TANGERANG SELATAN, KOMPAS.com - Komisi Pemilihan Umum (KPU) Kota Tangerang Selatan (Tangsel) telah melaksanakan pengundian nomor urut pasangan calon wali kota dan wakil wali kota untuk Pilkada serentak 2024 pada Senin (23/9/2024).
Dalam pengundian tersebut, pasangan Benyamin Davnie-Pilar Saga Ichsan mendapatkan nomor urut 1, sedangkan pasangan Ruhama-Shinta memperoleh nomor urut 2.
"Bapak Benyamin Davnie dan Bapak Pilar Saga Ichsan mendapatkan nomor urut 1. Bapak Ruhama dan Ibu Shinta mendapatkan nomor urut 2," ujar Ketua KPU Tangsel, M. Taufiq MZ, di Kantor KPU Tangsel, Setu, Kota Tangsel.
Taufiq menjelaskan, pengambilan nomor urut dilakukan sesuai dengan nomor antrean yang telah ditentukan.
Pasangan Benyamin-Pilar, yang mendapat antrean nomor 5, diberikan kesempatan untuk mengambil nomor urut terlebih dahulu.
Sementara itu, pasangan Ruhama-Shinta, yang mendapatkan antrean nomor 10, harus menunggu hingga pasangan Benyamin-Pilar selesai.
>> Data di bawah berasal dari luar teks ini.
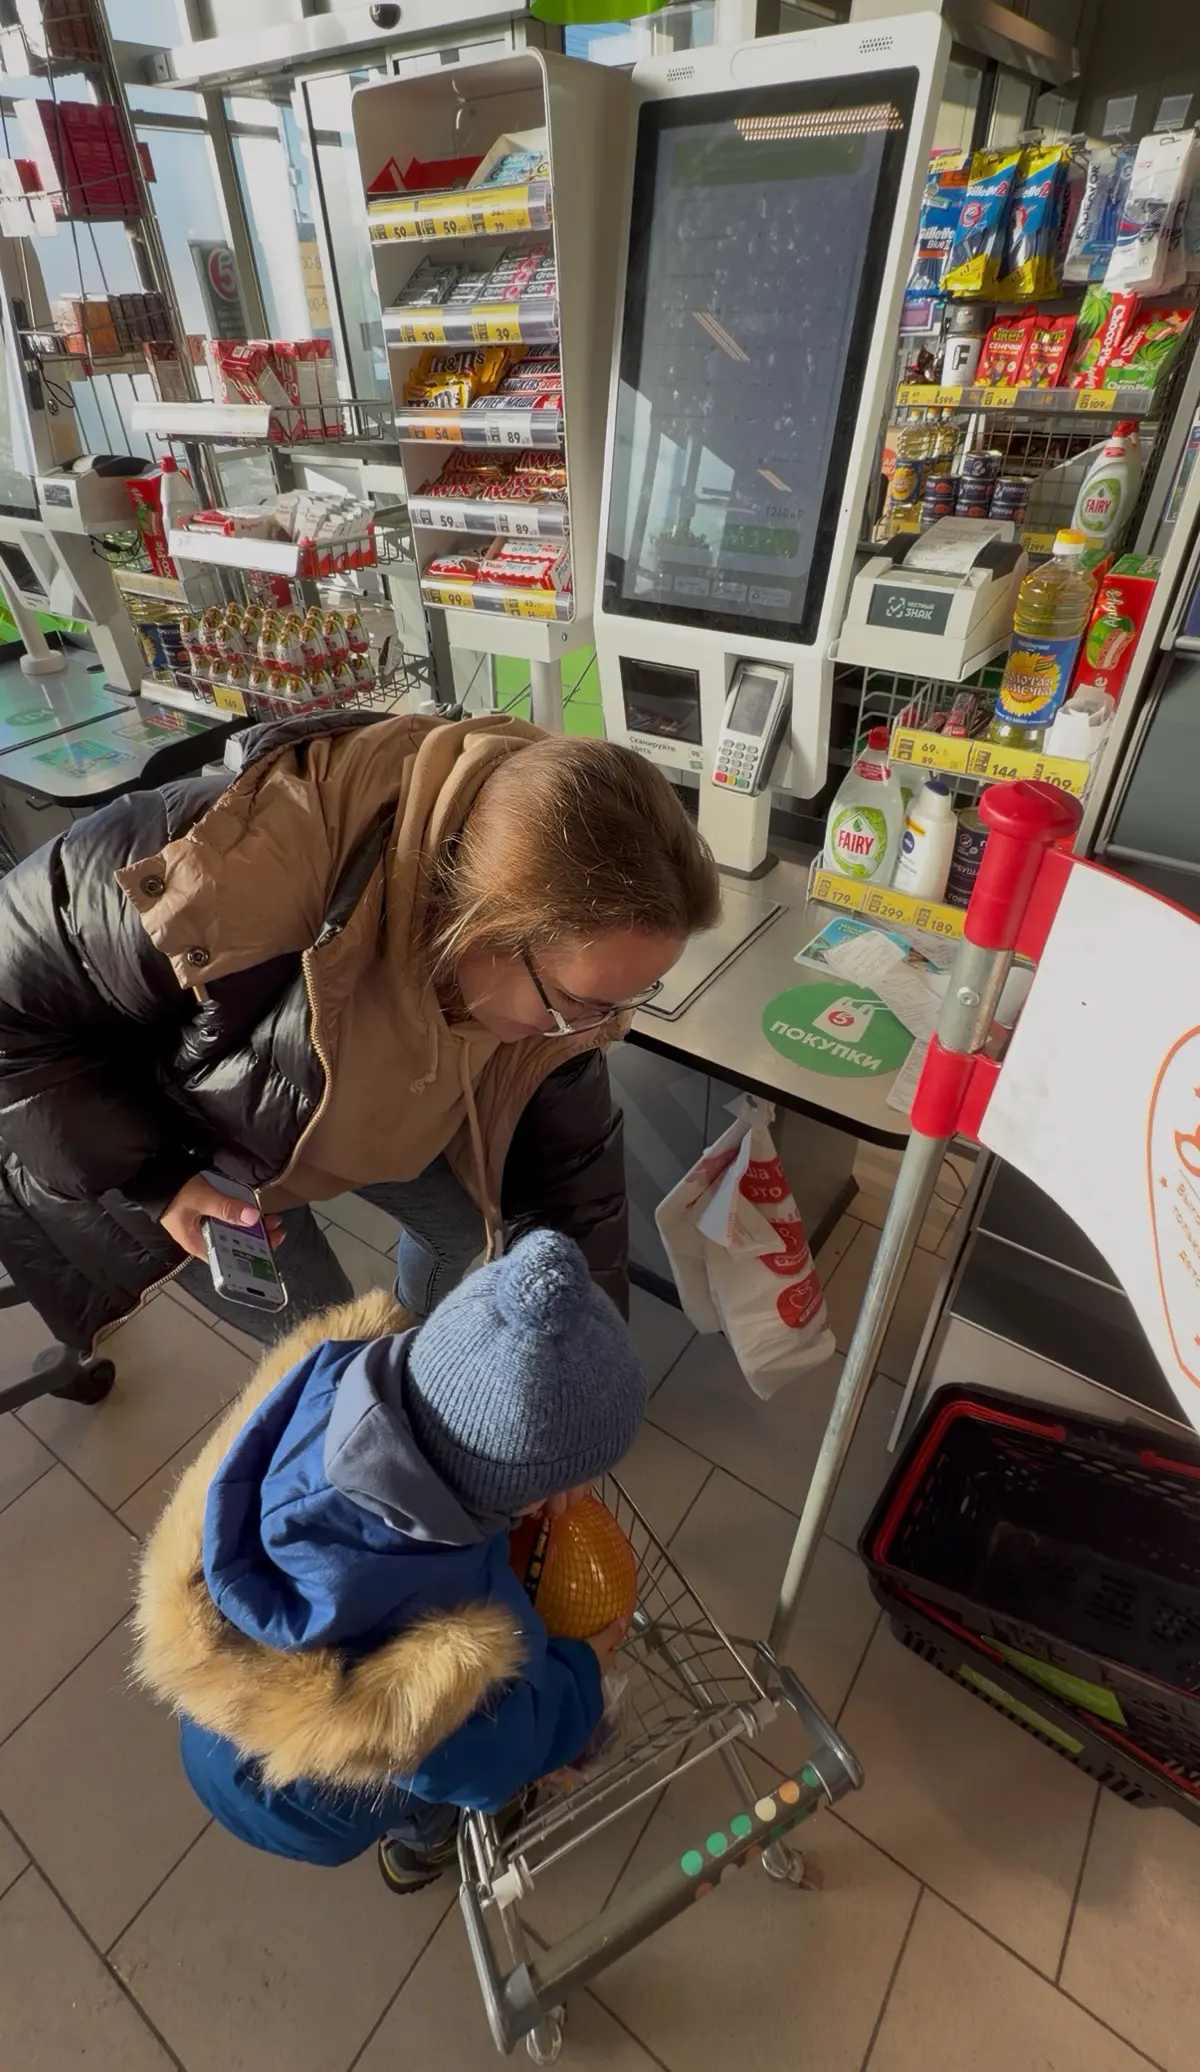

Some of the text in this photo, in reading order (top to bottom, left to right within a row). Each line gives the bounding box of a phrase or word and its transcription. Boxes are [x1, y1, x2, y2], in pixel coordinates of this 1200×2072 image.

[443, 220, 457, 234] 59
[920, 227, 955, 240] Gillette
[495, 328, 510, 341] 39
[507, 431, 521, 443] 89
[1085, 498, 1112, 514] FAIRY
[440, 515, 454, 528] 59
[515, 524, 529, 535] 89
[447, 594, 462, 606] 99
[905, 608, 933, 620] ЗНАК
[629, 736, 676, 753] Сканируйте
[921, 743, 936, 753] 69
[837, 829, 875, 856] FAIRY
[832, 890, 851, 905] 179
[879, 904, 904, 920] 299
[931, 919, 953, 934] 189
[832, 1012, 853, 1026] 5
[769, 1020, 882, 1072] ПОКУПКИ
"Calon wali kota didampingi oleh wakilnya melakukan pengambilan nomor urut dalam tabung secara bergiliran berdasarkan nomor antrean yang telah ditetapkan," tambahnya.
Sebelumnya, KPU Tangsel menyatakan bahwa berkas pendaftaran pasangan Benyamin Davnie-Pilar Saga Ichsan dan Ruhama-Shinta Wahyuni Chairuddin telah memenuhi syarat.
Dengan demikian, KPU Tangsel secara resmi menetapkan kedua pasangan tersebut sebagai calon wali kota dan wakil wali kota Tangsel untuk tahun 2024.
"Alhamdulillah, dua pasangan calon yang mendaftar di KPU Tangsel, yang pertama Benyamin Davnie dengan Pilar Saga Ichsan dan yang kedua Ruhama dan Shinta Wahyuni, dinyatakan memenuhi syarat dan ditetapkan sebagai pasangan calon untuk pemilihan wali kota dan wakil wali kota Tangsel 2024," ungkap Taufiq saat dikonfirmasi.
Kedua pasangan tersebut kini resmi menjadi peserta pemilihan kepala daerah (Pilkada) Tangsel 2024 setelah melewati berbagai tahapan, termasuk verifikasi administrasi dan faktual, serta rapat pleno KPU yang dilakukan secara tertutup.
"Jadi tahapan itu kan pendaftaran pasangan calon tanggal 29 Agustus. Keduanya mendaftar pada tanggal itu, kemudian dilakukan verifikasi administrasi persyaratan calon, pemeriksaan kesehatan, dan seluruhnya," jelas Taufiq.
"Sudah kami terima hasilnya dari RSUP Sitanala dan BNN, semuanya memenuhi syarat dan dinyatakan mampu melaksanakan tugas-tugas pemerintahan," pungkasnya.